▸ **Work order**
Since the listing below shows pictures, leave them out and write out exactly the lines from the line with "this 973×973 image." to the line with "this 1280×1440 image.", both included, and no others.
◆ ◆ ◆
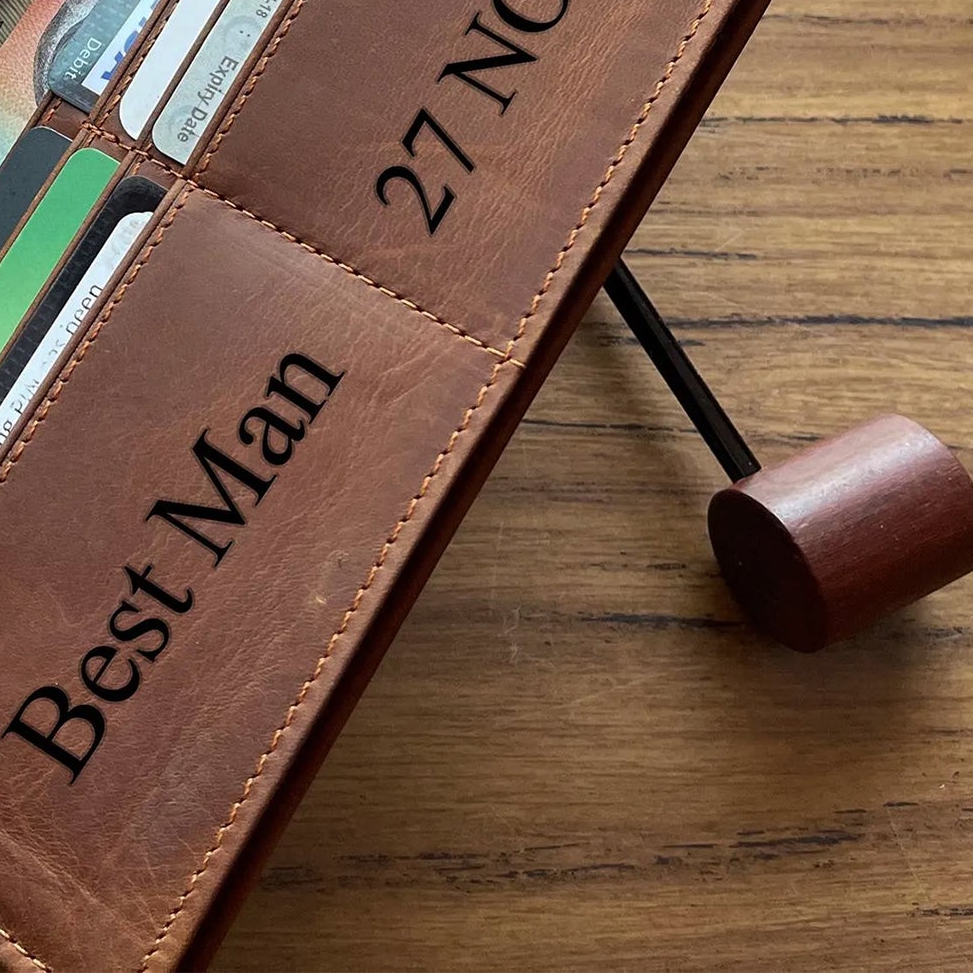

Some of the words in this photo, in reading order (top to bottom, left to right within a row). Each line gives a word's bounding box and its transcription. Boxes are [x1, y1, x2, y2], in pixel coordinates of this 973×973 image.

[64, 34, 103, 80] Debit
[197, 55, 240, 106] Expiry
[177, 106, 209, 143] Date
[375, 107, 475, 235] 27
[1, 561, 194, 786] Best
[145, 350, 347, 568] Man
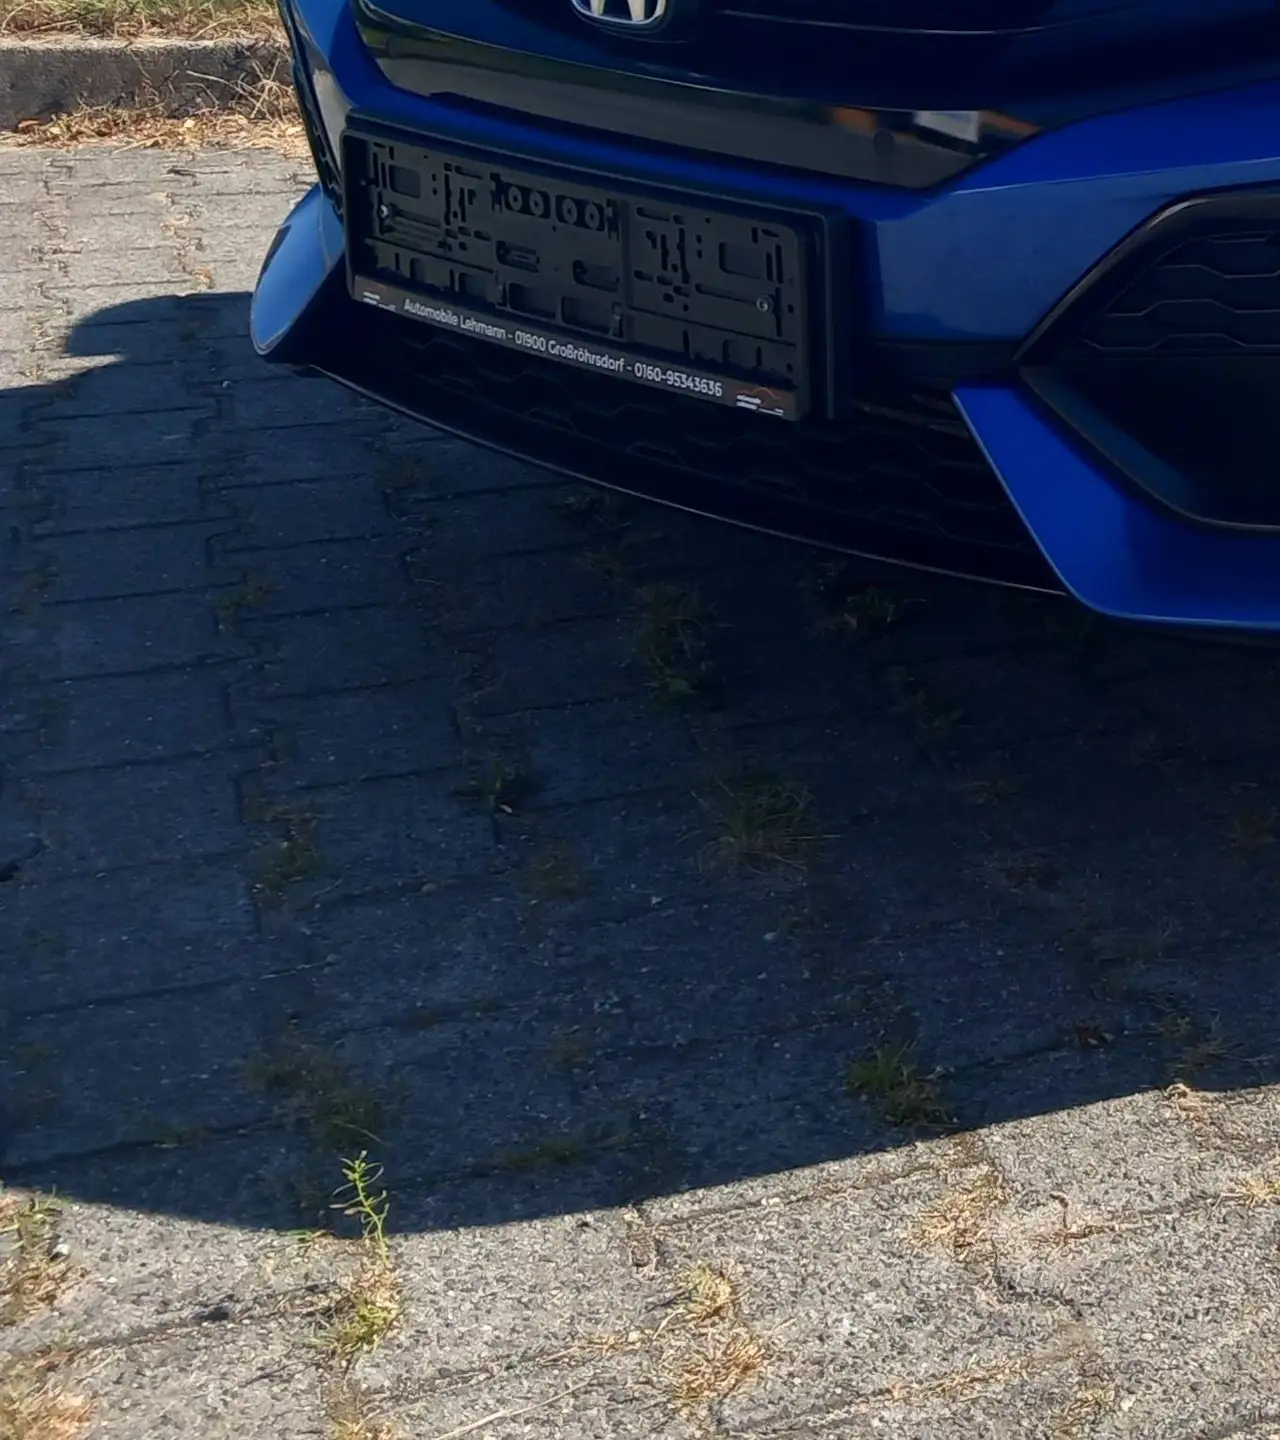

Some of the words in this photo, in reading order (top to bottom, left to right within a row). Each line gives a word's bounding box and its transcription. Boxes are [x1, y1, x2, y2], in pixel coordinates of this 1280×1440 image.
◆ ◆ ◆
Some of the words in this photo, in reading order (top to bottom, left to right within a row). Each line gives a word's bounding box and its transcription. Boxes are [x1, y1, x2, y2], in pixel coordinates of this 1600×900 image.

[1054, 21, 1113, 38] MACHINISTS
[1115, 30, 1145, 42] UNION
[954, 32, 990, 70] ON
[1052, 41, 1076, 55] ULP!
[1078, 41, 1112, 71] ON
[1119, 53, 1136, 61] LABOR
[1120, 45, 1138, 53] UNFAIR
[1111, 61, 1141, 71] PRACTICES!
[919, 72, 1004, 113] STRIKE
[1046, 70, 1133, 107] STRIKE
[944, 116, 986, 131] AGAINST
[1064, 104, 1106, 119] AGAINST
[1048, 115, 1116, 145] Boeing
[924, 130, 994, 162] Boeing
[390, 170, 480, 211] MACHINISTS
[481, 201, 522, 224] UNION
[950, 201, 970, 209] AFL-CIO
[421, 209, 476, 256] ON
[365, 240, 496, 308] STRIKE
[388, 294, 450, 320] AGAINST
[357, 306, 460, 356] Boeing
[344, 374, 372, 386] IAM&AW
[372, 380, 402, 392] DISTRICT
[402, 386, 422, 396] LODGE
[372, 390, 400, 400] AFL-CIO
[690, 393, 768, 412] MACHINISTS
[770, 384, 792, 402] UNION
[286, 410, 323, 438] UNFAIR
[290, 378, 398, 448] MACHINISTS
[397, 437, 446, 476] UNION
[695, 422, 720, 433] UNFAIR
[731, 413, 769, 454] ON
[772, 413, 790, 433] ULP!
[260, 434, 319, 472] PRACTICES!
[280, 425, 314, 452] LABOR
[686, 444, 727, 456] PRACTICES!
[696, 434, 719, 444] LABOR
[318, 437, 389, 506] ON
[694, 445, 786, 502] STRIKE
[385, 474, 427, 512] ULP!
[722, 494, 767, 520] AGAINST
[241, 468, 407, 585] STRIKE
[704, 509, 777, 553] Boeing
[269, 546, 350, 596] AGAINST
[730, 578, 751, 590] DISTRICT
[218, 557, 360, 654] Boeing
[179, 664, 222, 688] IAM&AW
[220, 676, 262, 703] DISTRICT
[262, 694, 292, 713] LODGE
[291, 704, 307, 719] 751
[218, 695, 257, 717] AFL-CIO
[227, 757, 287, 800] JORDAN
◆ ◆ ◆
▸ **Solution for this problem**
Some of the words in this photo, in reading order (top to bottom, left to right within a row). Each line gives a word's bounding box and its transcription. Boxes are [x1, y1, x2, y2], in pixel coordinates of this 973×973 image.

[64, 34, 103, 80] Debit
[197, 55, 240, 106] Expiry
[177, 106, 209, 143] Date
[375, 107, 475, 235] 27
[1, 561, 194, 786] Best
[145, 350, 347, 568] Man

Some of the words in this photo, in reading order (top to bottom, left to right within a row). Each line gives a word's bounding box and its transcription. Boxes are [x1, y1, x2, y2], in pixel coordinates of this 1280×1440 image.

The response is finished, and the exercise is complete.